The FCRA establishes civil liability for both willful and negligent noncompliance with the statute. 15 U.S.C. §§ 1681n-1681o. The FCRA also contains a provision setting forth criminal liability for "knowingly and willfully obtain[ing] information ... under false pretenses." 15 U.S.C. § 1681q. Following amendments in 1996, section 1681n now incorporates similar language that assigns civil liability: "Any person who obtains a consumer report from a consumer reporting agency under false pretenses or knowingly without a permissible purpose shall be liable to the consumer reporting agency for actual damages sustained by the consumer reporting agency or $1,000, whichever is greater." 15 U.S.C. § 1681n(b); see also Phillips v. Grendahl, 312 F.3d 357, 363-64 (8th Cir.2002) (providing a brief history of the courts' interpretation of § 1681q and civil liability and the significance of the 1996 amendments).

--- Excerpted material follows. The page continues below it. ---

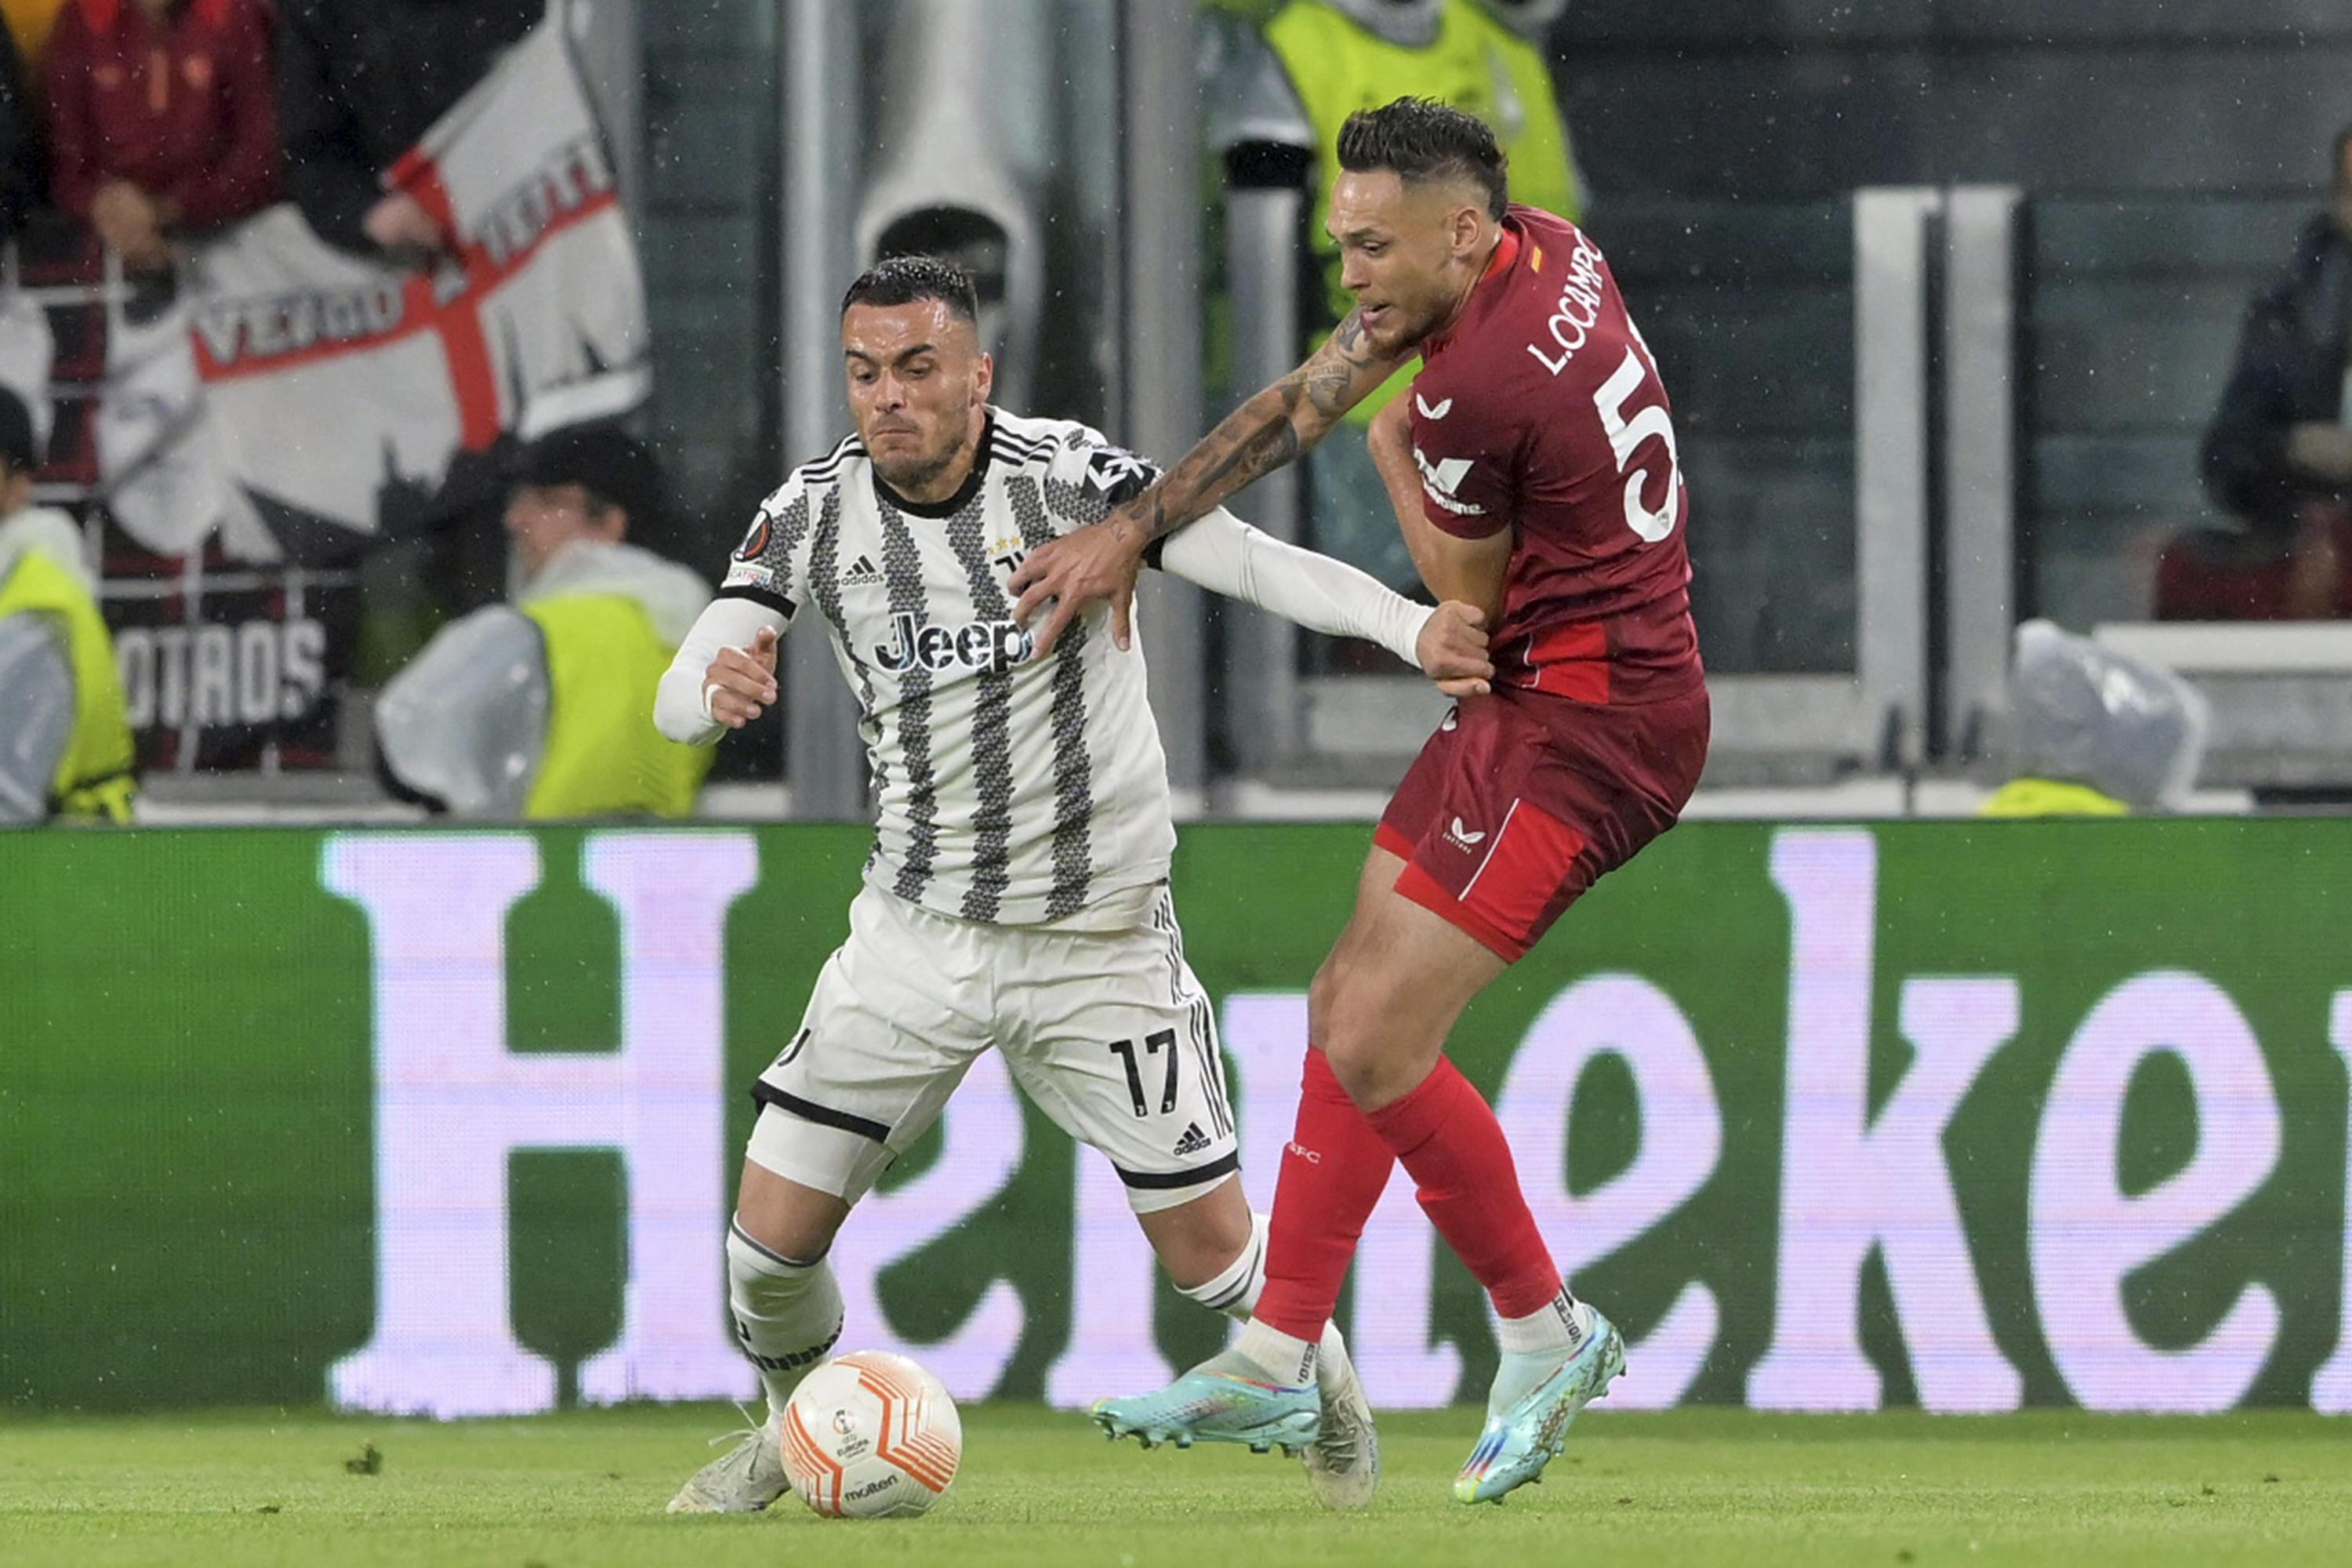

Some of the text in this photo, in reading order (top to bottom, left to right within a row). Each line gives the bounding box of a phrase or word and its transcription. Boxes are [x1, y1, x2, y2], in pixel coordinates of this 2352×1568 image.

A. Claims Under § 1681b(f)

Section 1681b sets forth the permissible purposes by which a credit reporting agency may issue consumer reports, including to a "person" the reporting agency has reason to believe "intends to use the information in connection with a credit transaction involving the consumer on whom the information is to be furnished and involving the extension of credit to, or review or collection of an account of, the consumer." 15 U.S.C. § 1681b(a)(3)(A). Subsection (f) extends liability to any "person" that obtains a consumer report for a purpose other than those permitted under § 1681b. Section § 1681b(f) also requires that the purpose be "certified in accordance with section 1681e of this title by a prospective user of the report through a general or specific certification." Plaintiff contends that the Bank (a "person") acted with an impermissible purpose when it made inquiries into his credit history several times from June 1999 through July 2000, because, as his account should have been closed, he was not a customer of the Bank.6

However, Plaintiff's argument overlooks the plain language of the statute, which focuses on the intent of the party obtaining the consumer report.7 See Scharpf v. AIG Marketing, Inc., 242 F.Supp.2d 455, 459 (W.D.Ky.2003). Indeed, the inclusion of the verb "intends" is significant, because "a statute ought, upon the whole, to be so construed that, if it can be prevented, no clause, sentence, or word shall be superfluous, void, or insignificant." Id. at 460 (quoting Duncan v. Walker, 533 U.S. 167, 121 S.Ct. 2120, 150 L.Ed.2d 251 (2001)).

Although Plaintiff's account should have been closed, it remained open. The Bank explains that this error was caused by its failure to properly code the Plaintiff's account as "closed." (Def.'s Mem. at 4; Def.'s Resp. to Interrogs. at 2-3.) In its response to Plaintiff's interrogatories, the Bank explains: "To the extent the Bank's computerized records reflected Plaintiff's account as opened, Plaintiff's account would have been included in such periodic requests." (Def.'s Resp. to Interrogs. at 2-4.) Plaintiff does not put forth any evidence to contradict this purpose.